* AIM OF THE EXERCISE *
Write out each entry below exactly; the images do not belong in your copy.

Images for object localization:
== Segment start ==
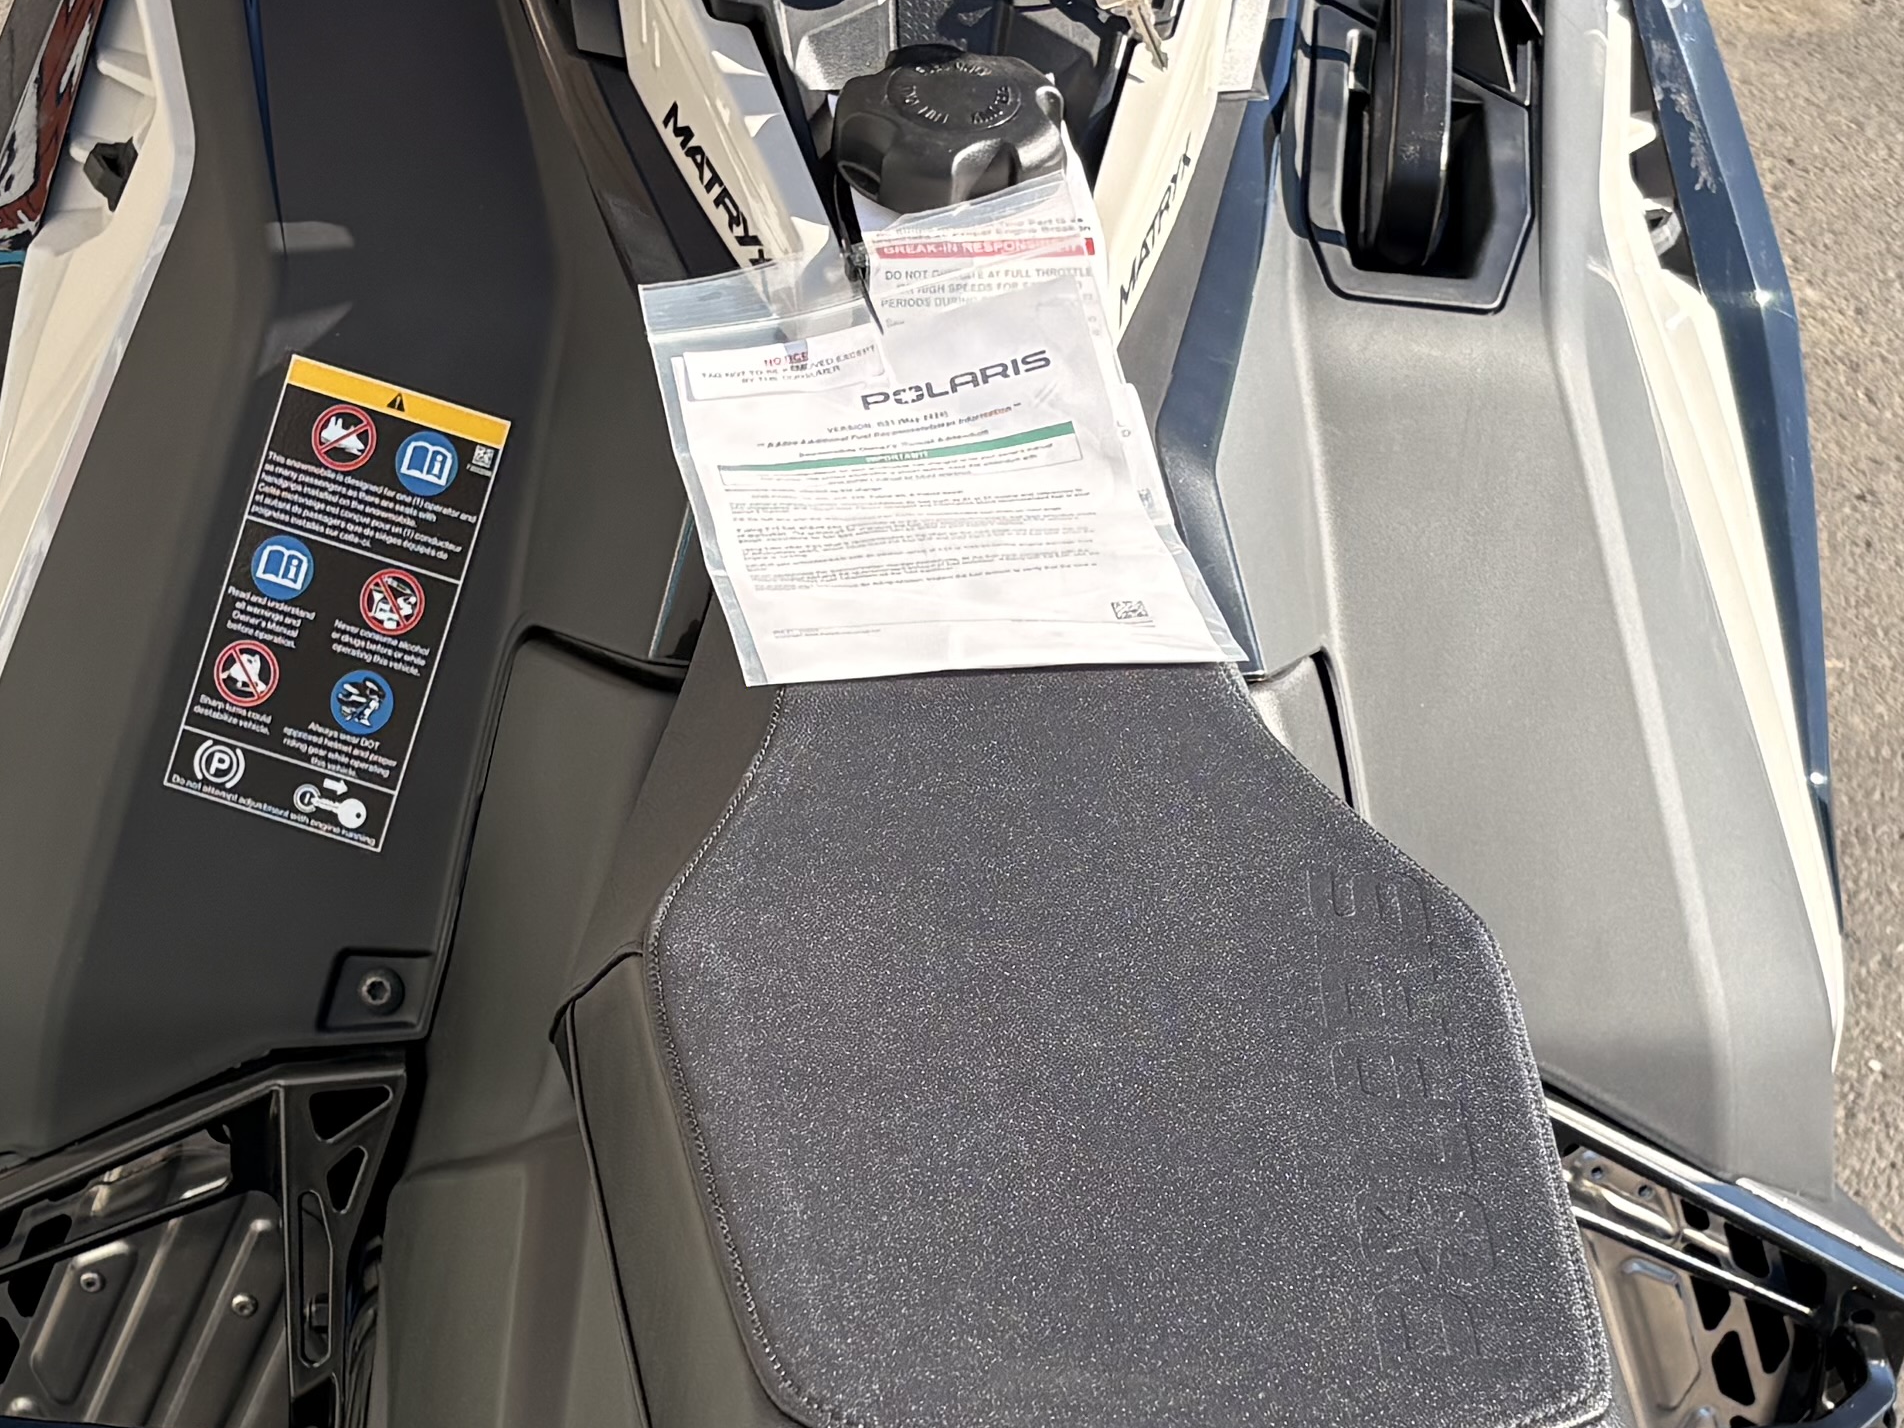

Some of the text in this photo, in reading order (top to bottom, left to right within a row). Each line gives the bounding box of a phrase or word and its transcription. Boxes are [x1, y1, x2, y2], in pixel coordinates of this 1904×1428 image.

[1119, 131, 1192, 330] MATRYX
[883, 242, 958, 254] BREAK-IN
[885, 270, 903, 281] DO
[905, 269, 929, 280] NOT
[1004, 269, 1032, 279] FULL
[1035, 267, 1093, 278] THROTTLE
[881, 297, 932, 308] PERIODS
[861, 349, 1052, 411] POLARIS
== Segment end ==
* EXERCISE RESULT *
Some of the text in this photo, in reading order (top to bottom, left to right within a row). Each line gives the bounding box of a phrase or word and its transcription. Boxes are [x1, y1, x2, y2], in pixel coordinates of this 1904×1428 image.

[1119, 131, 1192, 330] MATRYX
[883, 242, 958, 254] BREAK-IN
[885, 270, 903, 281] DO
[905, 269, 929, 280] NOT
[1004, 269, 1032, 279] FULL
[1035, 267, 1093, 278] THROTTLE
[881, 297, 932, 308] PERIODS
[861, 349, 1052, 411] POLARIS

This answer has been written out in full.